Load any voice by name:

```python
style = tts.get_voice_style("Selin")
```

Or from a custom style file:

```python
style = tts.get_voice_style_from_path("/path/to/my_voice.json")
```

## `synthesize()` Parameters

| Parameter | Type | Default | Description |
|-----------|------|---------|-------------|
| `text` | `str` | — | Input text. Supports inline tags like `<happy>`. |
| `voice_style` | `VoiceStyle` | — | Voice loaded via `get_voice_style()`. |
| `total_steps` | `int` | `5` | Flow-matching denoising steps. Higher = better quality, slower inference. Range: 1–100. |
| `speed` | `float` | `1.05` | Playback speed multiplier. Range: 0.7–2.0. |
| `lang` | `str` | `"en"` | ISO 639-1 language code, or `"na"` for unknown languages. |
| `max_chunk_length` | `int` | `300` | Max characters per synthesis chunk (120 for Korean). |
| `silence_duration` | `float` | `0.3` | Seconds of silence inserted between chunks. |
| `verbose` | `bool` | `False` | Print per-chunk progress to stdout. |

**Returns:** `(waveform, duration)` — waveform as a `(1, samples)` NumPy array, duration in seconds.

## Examples

**Multilingual synthesis:**

```python
tts = TTS()
style = tts.get_voice_style("Leon")

pairs = [
    ("Merhaba! Bugün hava çok güzel.", "tr"),
    ("Bonjour! Il fait beau aujourd'hui.", "fr"),
    ("こんにちは!今日はいい天気ですね。
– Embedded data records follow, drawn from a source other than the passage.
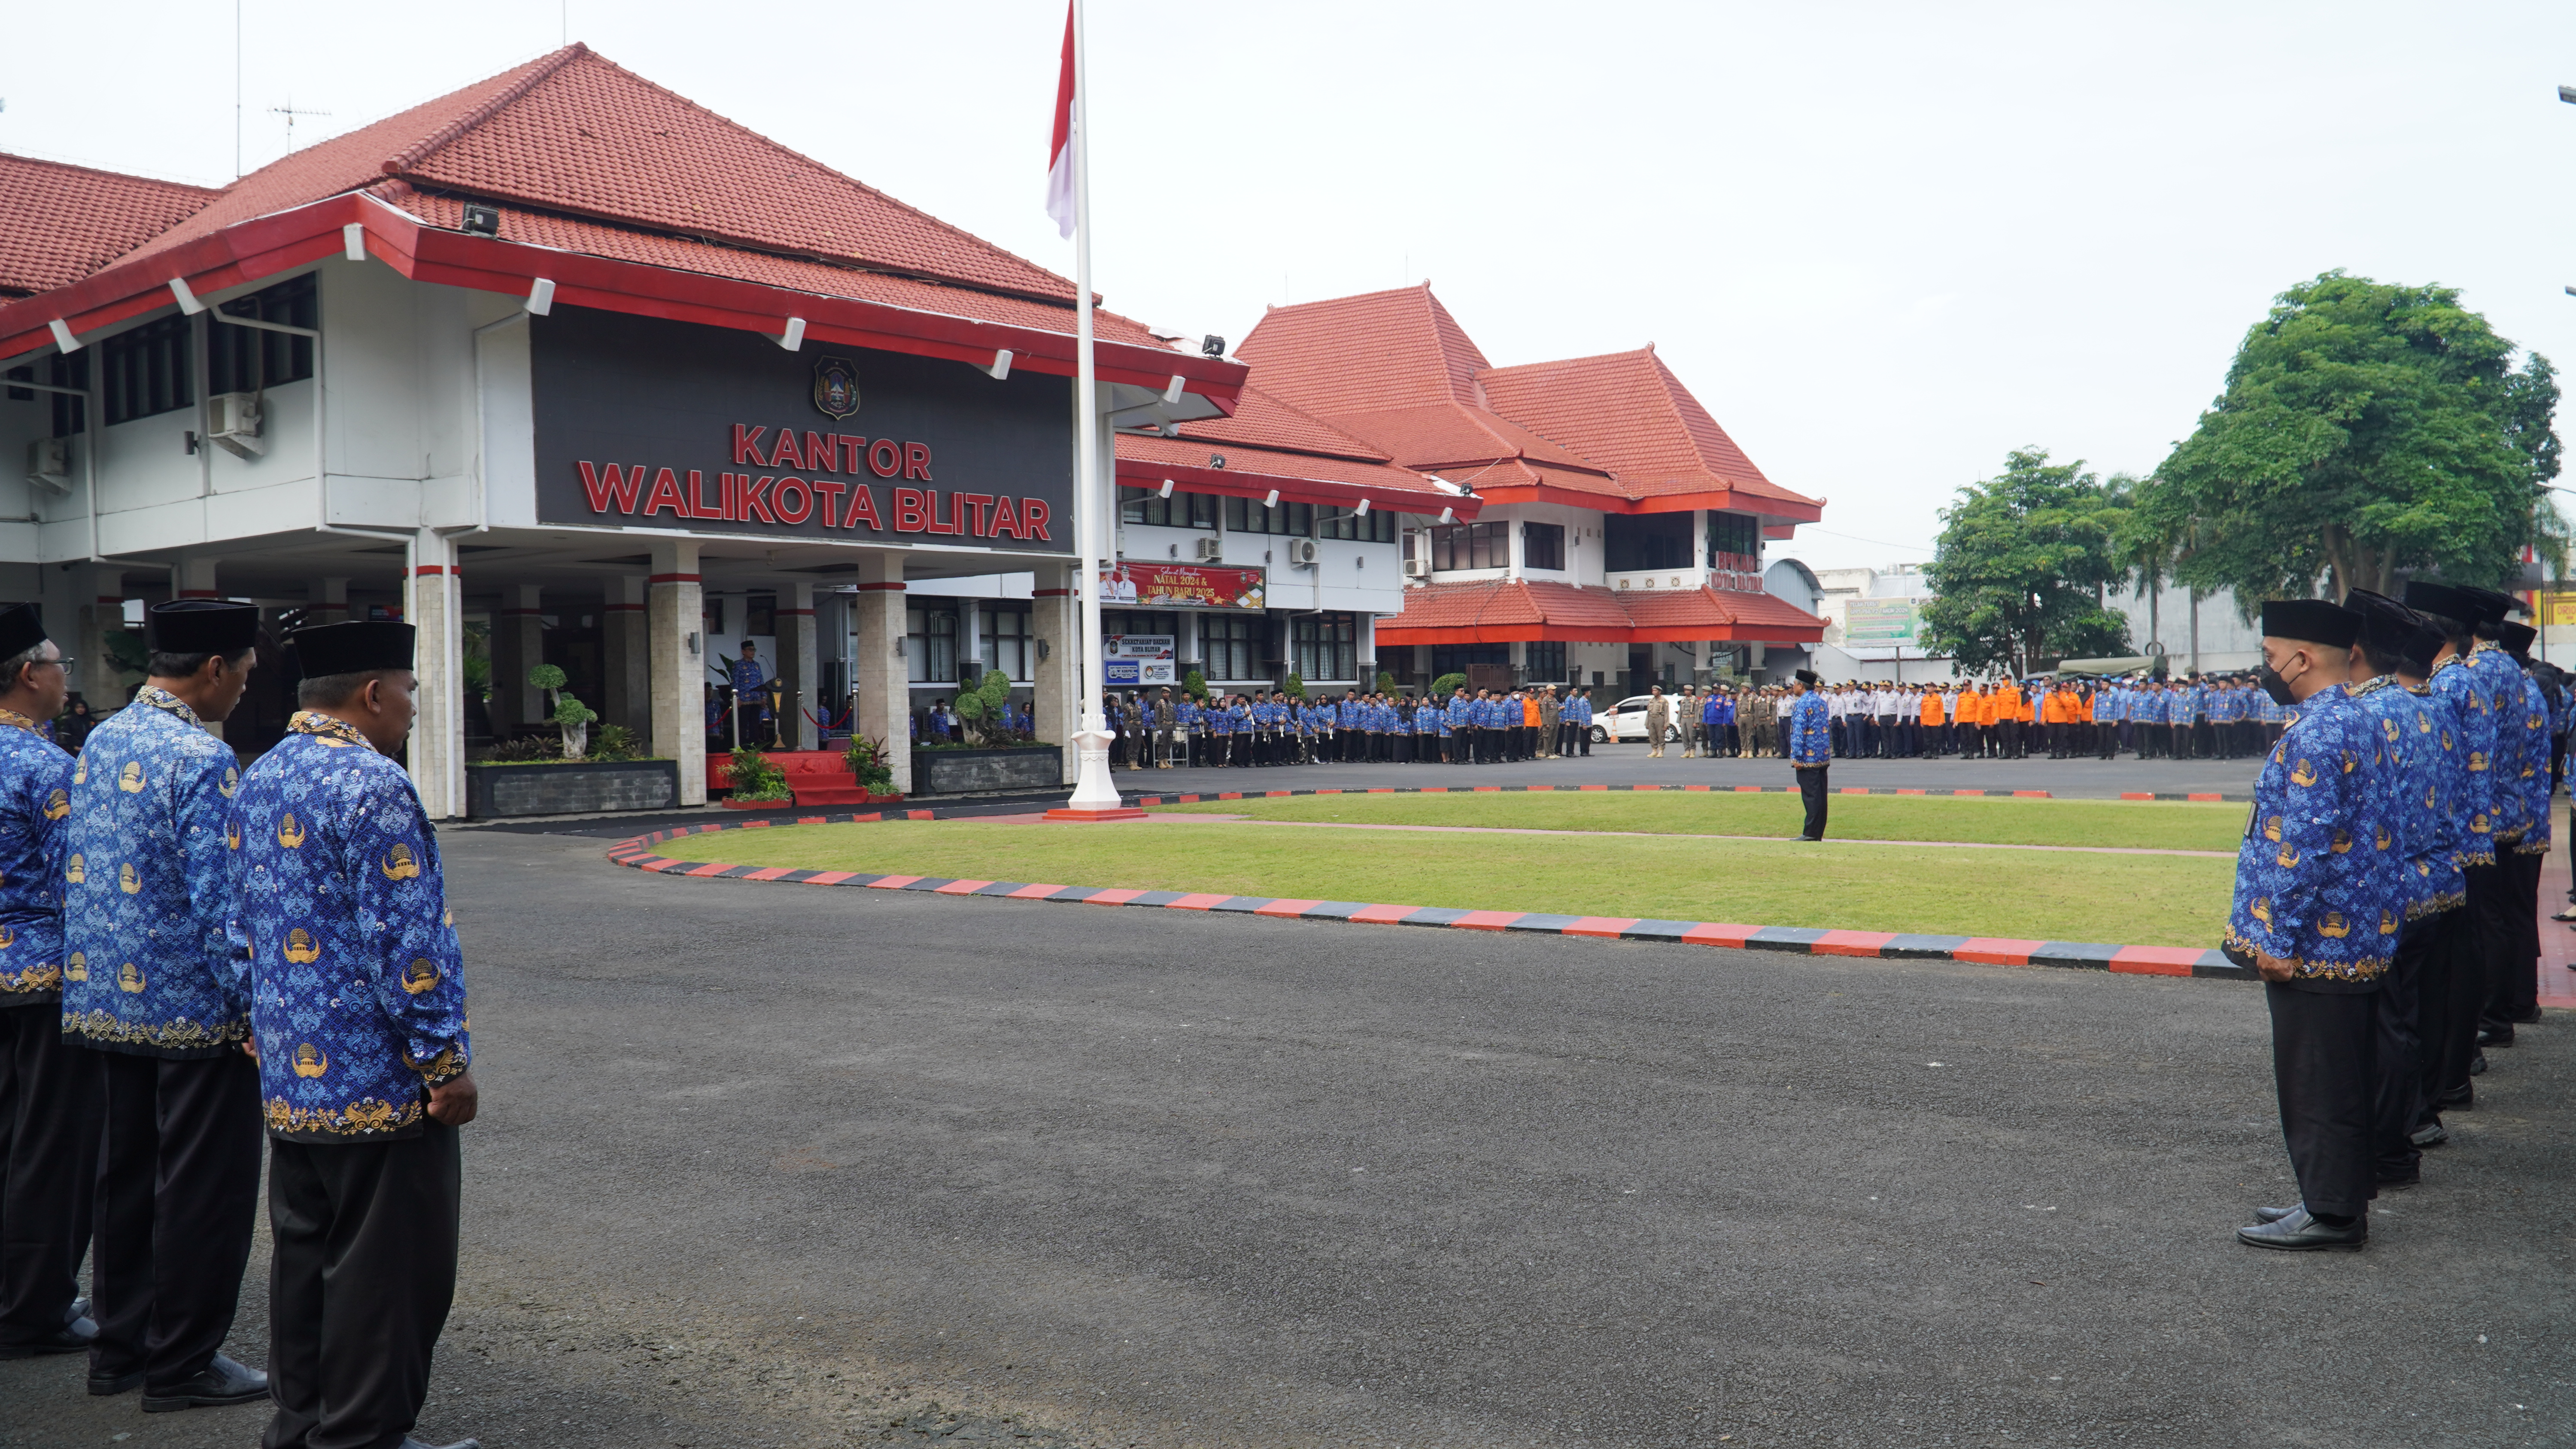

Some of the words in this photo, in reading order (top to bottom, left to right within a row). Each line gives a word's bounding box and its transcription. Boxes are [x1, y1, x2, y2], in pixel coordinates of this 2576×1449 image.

[732, 423, 933, 481] KANTOR
[577, 461, 883, 530] WALIKOTA
[893, 487, 1051, 540] BLITAR
[1160, 567, 1179, 575] Selamat
[1716, 551, 1755, 572] BPKAD
[1154, 574, 1179, 584] NATAL
[1180, 576, 1200, 585] 2024
[1201, 577, 1207, 586] &
[1711, 572, 1733, 588] KOTA
[1735, 575, 1763, 591] BLITAR
[1146, 585, 1173, 595] TAHUN
[1174, 586, 1195, 596] BARU
[1196, 588, 1215, 597] 2025
", "ja"),
]
for text, lang in pairs:
    wav, dur = tts.synthesize(text, voice_style=style, lang=lang)
    tts.save_audio(wav, f"output_{lang}.wav")
```

**Expression tags:**

```python
style = tts.get_voice_style("Lina")
text = "Good news! <happy> We just shipped the feature. <laugh> Don't tell anyone yet."
wav, dur = tts.synthesize(text, voice_style=style, lang="en")
```

**Higher quality with more steps:**

```python
wav, dur = tts.synthesize(
    text="A slow, deliberate reading for maximum clarity.",
    voice_style=style,
    total_steps=30,
    speed=0.9,
    lang="en",
)
```

## Configuration

Model cache location and thread counts can be controlled via environment variables:

| Variable | Description |
|----------|-------------|
| `NEUVOICE_CACHE_DIR` | Override the default cache directory (`~/.cache/neuvoice`). |
| `NEUVOICE_MODEL_REPO` | Override the Hugging Face model repository. |
| `NEUVOICE_REVISION` | Model revision/branch to use (default: `main`). |
| `NEUVOICE_INTRA_THREADS` | ONNX intra-op thread count (default: auto). |
| `NEUVOICE_INTER_THREADS` | ONNX inter-op thread count (default: auto). |

## License

Neuvoice is released under the MIT License. See [LICENSE](LICENSE) for details.

The bundled ONNX model is released under the OpenRAIL-M License.

Copyright © 2026 Lamapi